> **Data**
▬▬▬
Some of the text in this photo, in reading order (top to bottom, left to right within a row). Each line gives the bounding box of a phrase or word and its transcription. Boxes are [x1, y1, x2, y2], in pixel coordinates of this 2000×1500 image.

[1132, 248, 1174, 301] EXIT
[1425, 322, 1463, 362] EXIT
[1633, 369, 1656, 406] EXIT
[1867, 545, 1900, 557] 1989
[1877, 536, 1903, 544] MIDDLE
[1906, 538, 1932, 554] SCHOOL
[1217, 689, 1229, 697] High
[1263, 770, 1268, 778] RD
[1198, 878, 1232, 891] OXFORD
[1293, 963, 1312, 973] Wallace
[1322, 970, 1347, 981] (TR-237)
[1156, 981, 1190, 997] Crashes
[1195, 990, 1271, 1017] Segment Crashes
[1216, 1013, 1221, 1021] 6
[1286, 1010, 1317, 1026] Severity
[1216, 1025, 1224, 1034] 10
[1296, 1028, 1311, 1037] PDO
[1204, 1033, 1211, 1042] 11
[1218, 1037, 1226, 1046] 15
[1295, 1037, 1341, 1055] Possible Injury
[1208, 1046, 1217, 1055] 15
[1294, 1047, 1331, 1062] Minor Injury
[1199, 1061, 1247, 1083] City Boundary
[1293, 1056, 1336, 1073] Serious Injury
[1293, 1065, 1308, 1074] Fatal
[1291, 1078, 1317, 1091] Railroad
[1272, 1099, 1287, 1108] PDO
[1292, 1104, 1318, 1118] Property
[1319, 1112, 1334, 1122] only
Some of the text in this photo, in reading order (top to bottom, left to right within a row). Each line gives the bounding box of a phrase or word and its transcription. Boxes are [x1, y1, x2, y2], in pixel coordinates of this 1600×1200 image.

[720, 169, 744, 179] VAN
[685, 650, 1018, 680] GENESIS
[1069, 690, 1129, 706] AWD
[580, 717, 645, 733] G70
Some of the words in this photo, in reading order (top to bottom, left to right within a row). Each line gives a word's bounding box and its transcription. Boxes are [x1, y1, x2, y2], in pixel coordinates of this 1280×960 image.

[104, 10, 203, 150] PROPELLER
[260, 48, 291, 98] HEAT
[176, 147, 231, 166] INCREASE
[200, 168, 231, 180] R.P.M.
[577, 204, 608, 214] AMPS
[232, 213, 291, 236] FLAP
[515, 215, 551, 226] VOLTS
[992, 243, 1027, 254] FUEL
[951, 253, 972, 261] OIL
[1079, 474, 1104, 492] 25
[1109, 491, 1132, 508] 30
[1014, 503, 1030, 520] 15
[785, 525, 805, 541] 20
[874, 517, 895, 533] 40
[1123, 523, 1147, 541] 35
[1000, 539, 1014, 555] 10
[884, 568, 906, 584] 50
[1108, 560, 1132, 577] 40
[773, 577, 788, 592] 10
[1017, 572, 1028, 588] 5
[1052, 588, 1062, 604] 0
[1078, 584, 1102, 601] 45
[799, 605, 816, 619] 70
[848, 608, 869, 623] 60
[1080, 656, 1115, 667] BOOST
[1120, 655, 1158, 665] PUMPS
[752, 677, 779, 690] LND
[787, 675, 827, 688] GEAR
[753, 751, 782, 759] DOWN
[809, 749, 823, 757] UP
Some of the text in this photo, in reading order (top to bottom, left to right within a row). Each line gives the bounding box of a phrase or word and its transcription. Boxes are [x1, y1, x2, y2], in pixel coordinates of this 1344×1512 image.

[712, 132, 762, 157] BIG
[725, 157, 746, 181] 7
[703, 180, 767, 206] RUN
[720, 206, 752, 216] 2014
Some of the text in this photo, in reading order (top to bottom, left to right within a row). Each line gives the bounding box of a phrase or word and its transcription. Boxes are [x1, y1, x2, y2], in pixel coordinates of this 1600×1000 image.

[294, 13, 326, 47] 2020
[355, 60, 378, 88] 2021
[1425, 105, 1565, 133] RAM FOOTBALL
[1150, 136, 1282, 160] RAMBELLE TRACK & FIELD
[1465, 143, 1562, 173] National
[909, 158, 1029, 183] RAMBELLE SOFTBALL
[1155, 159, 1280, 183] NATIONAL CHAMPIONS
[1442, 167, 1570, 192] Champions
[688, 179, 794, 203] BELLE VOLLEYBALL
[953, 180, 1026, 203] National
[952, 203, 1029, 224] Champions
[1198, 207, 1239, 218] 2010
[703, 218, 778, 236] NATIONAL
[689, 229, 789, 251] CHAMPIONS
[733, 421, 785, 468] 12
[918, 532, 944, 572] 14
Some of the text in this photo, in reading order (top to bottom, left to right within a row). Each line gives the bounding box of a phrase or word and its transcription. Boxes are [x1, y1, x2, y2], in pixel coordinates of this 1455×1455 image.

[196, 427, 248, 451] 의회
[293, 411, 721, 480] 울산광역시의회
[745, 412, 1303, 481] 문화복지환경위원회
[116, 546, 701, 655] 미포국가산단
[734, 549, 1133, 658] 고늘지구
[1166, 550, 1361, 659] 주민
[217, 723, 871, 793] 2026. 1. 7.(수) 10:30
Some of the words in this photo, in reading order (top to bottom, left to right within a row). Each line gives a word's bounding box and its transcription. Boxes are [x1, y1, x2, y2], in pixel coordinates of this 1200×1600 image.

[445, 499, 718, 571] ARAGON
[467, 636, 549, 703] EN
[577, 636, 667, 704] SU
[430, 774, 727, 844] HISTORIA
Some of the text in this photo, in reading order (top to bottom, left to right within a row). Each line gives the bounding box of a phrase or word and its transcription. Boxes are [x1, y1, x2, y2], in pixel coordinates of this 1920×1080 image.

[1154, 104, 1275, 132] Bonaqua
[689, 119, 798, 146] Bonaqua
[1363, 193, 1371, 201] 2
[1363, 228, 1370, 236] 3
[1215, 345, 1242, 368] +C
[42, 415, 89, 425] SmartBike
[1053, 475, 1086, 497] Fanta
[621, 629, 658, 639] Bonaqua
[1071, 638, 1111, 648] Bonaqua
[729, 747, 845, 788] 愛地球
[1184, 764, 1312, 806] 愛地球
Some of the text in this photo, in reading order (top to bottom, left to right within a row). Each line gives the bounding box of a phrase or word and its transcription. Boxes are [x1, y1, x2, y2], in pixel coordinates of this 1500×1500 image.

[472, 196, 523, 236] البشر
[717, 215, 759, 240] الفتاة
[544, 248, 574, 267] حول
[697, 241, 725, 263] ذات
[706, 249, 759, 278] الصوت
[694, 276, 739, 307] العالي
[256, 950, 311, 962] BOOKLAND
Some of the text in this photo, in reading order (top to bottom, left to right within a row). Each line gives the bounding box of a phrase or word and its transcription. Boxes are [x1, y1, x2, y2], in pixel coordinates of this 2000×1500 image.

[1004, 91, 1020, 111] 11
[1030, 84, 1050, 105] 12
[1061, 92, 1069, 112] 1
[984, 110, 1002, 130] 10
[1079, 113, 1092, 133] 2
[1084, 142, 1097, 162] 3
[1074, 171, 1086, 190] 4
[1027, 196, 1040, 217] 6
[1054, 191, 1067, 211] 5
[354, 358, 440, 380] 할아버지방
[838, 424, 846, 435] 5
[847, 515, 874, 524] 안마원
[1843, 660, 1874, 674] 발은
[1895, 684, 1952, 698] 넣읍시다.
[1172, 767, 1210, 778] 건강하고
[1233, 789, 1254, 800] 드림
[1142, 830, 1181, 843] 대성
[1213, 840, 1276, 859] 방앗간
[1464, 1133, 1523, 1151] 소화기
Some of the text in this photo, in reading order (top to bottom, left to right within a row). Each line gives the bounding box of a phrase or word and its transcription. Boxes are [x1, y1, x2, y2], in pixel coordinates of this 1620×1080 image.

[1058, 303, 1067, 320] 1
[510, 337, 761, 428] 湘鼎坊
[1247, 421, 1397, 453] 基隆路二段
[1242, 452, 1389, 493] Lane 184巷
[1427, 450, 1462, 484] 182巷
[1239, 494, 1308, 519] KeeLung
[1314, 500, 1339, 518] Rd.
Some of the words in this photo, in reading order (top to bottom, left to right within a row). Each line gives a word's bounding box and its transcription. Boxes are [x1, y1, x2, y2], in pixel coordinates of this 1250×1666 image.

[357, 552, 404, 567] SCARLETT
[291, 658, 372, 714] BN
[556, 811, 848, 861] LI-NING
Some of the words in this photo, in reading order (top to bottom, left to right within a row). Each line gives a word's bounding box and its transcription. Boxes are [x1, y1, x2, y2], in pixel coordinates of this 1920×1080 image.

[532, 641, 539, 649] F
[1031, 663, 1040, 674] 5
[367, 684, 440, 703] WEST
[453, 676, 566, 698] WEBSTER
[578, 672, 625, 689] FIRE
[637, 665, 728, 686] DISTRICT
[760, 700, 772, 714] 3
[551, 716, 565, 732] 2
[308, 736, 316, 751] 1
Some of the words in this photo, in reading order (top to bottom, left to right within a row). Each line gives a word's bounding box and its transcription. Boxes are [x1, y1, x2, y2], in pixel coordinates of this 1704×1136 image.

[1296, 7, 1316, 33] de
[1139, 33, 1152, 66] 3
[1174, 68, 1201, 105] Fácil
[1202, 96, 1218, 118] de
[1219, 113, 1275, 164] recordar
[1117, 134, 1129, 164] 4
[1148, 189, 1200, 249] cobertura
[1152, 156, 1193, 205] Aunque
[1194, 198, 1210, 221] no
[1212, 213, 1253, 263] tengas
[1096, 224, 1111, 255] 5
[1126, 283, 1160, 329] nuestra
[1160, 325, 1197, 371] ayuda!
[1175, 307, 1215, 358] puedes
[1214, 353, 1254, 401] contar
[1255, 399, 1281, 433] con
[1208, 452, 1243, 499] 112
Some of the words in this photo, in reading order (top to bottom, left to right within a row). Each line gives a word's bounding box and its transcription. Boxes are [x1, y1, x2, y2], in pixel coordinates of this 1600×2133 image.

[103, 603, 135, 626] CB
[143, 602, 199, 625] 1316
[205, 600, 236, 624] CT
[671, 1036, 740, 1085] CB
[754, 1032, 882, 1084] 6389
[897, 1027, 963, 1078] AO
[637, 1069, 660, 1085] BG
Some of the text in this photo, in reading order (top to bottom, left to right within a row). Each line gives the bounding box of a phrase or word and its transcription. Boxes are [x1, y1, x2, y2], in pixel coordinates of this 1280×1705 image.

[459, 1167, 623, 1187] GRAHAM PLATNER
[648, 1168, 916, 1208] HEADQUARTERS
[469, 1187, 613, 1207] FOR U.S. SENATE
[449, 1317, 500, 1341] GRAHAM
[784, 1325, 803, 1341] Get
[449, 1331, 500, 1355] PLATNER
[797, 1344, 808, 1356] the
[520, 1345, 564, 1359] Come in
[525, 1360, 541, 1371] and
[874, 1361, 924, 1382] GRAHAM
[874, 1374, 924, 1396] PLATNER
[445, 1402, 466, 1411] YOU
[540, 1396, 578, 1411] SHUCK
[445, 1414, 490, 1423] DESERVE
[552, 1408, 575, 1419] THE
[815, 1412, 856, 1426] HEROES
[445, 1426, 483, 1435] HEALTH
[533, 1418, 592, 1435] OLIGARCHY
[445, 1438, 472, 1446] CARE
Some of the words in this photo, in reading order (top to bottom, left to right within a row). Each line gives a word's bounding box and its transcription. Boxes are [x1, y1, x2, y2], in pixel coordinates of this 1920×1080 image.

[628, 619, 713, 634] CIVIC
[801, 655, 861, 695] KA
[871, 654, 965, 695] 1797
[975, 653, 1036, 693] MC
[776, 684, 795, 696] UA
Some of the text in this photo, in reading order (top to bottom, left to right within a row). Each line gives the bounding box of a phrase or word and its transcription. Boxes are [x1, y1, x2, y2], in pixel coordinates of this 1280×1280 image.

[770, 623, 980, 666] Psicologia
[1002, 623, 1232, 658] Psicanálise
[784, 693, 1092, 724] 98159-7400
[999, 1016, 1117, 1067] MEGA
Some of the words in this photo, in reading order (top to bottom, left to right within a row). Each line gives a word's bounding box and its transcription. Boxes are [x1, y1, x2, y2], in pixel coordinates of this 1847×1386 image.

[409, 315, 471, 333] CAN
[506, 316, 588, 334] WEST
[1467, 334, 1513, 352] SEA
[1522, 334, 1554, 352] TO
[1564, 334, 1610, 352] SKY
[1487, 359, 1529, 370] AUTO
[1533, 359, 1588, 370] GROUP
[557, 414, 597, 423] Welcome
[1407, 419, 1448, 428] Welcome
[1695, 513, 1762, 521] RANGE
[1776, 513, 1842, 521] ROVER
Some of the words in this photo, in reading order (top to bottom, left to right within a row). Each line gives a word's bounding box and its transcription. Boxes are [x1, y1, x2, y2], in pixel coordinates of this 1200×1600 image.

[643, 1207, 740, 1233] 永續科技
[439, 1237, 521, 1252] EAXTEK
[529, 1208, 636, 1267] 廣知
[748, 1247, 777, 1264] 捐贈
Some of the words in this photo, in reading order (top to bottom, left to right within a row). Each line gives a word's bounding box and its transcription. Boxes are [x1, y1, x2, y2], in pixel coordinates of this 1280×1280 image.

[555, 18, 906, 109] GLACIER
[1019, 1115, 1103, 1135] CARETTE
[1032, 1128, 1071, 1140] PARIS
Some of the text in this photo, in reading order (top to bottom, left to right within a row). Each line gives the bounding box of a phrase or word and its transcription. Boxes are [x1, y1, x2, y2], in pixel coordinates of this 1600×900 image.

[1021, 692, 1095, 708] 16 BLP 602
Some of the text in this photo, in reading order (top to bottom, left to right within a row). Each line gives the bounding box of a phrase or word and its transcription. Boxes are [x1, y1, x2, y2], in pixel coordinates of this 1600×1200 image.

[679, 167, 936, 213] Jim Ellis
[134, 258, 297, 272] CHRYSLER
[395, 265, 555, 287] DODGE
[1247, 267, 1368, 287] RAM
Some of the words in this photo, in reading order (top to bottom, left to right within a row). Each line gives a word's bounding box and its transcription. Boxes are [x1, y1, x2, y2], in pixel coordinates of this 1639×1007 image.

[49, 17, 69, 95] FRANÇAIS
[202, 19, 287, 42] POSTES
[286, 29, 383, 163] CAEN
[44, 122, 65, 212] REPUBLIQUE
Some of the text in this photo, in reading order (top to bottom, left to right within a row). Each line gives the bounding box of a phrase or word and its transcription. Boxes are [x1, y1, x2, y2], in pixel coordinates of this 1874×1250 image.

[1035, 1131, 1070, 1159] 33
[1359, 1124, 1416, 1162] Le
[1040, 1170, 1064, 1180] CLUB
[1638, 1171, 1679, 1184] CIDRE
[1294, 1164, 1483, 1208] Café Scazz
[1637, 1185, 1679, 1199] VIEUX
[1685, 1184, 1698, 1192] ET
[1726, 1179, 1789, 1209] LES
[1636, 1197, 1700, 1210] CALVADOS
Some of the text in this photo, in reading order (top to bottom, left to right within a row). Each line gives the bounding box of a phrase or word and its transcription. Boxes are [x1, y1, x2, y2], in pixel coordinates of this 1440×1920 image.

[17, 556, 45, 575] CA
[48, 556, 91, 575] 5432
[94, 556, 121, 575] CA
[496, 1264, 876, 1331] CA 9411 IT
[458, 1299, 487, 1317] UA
▬▬▬
> **Goal of the exercise**
Each line from the one with "this 1874×1250 image." through the last line of the material is to be retyped exactly, and no other line is.

> **Answer to this exercise**
Some of the text in this photo, in reading order (top to bottom, left to right within a row). Each line gives the bounding box of a phrase or word and its transcription. Boxes are [x1, y1, x2, y2], in pixel coordinates of this 1874×1250 image.

[1035, 1131, 1070, 1159] 33
[1359, 1124, 1416, 1162] Le
[1040, 1170, 1064, 1180] CLUB
[1638, 1171, 1679, 1184] CIDRE
[1294, 1164, 1483, 1208] Café Scazz
[1637, 1185, 1679, 1199] VIEUX
[1685, 1184, 1698, 1192] ET
[1726, 1179, 1789, 1209] LES
[1636, 1197, 1700, 1210] CALVADOS
Some of the text in this photo, in reading order (top to bottom, left to right within a row). Each line gives the bounding box of a phrase or word and its transcription. Boxes are [x1, y1, x2, y2], in pixel coordinates of this 1440×1920 image.

[17, 556, 45, 575] CA
[48, 556, 91, 575] 5432
[94, 556, 121, 575] CA
[496, 1264, 876, 1331] CA 9411 IT
[458, 1299, 487, 1317] UA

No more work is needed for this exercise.